■ How to complete this task ■
Would you output the following records verbatim and skip the images in them?

■ Task inputs ■

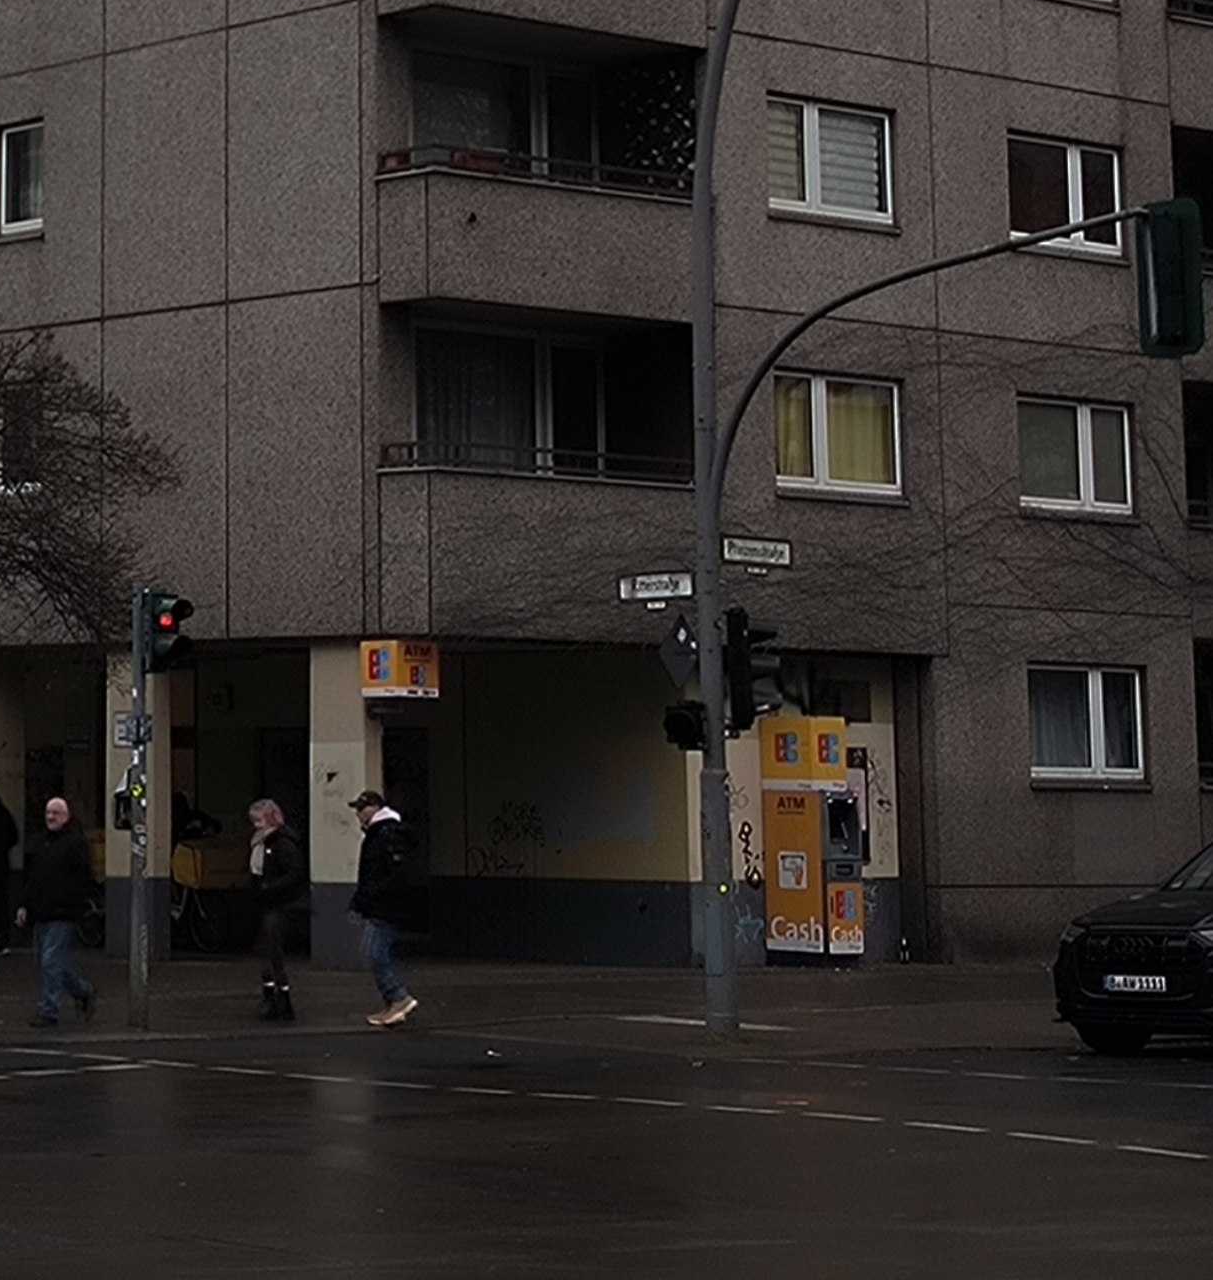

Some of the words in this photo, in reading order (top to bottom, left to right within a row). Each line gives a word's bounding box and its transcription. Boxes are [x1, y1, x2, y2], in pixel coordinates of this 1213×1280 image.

[404, 645, 432, 657] ATM
[777, 797, 805, 809] ATM
[771, 916, 823, 945] Cash
[832, 925, 863, 944] Cash

■ Response area ■
Some of the words in this photo, in reading order (top to bottom, left to right within a row). Each line gives a word's bounding box and its transcription. Boxes are [x1, y1, x2, y2], in pixel coordinates of this 1213×1280 image.

[404, 645, 432, 657] ATM
[777, 797, 805, 809] ATM
[771, 916, 823, 945] Cash
[832, 925, 863, 944] Cash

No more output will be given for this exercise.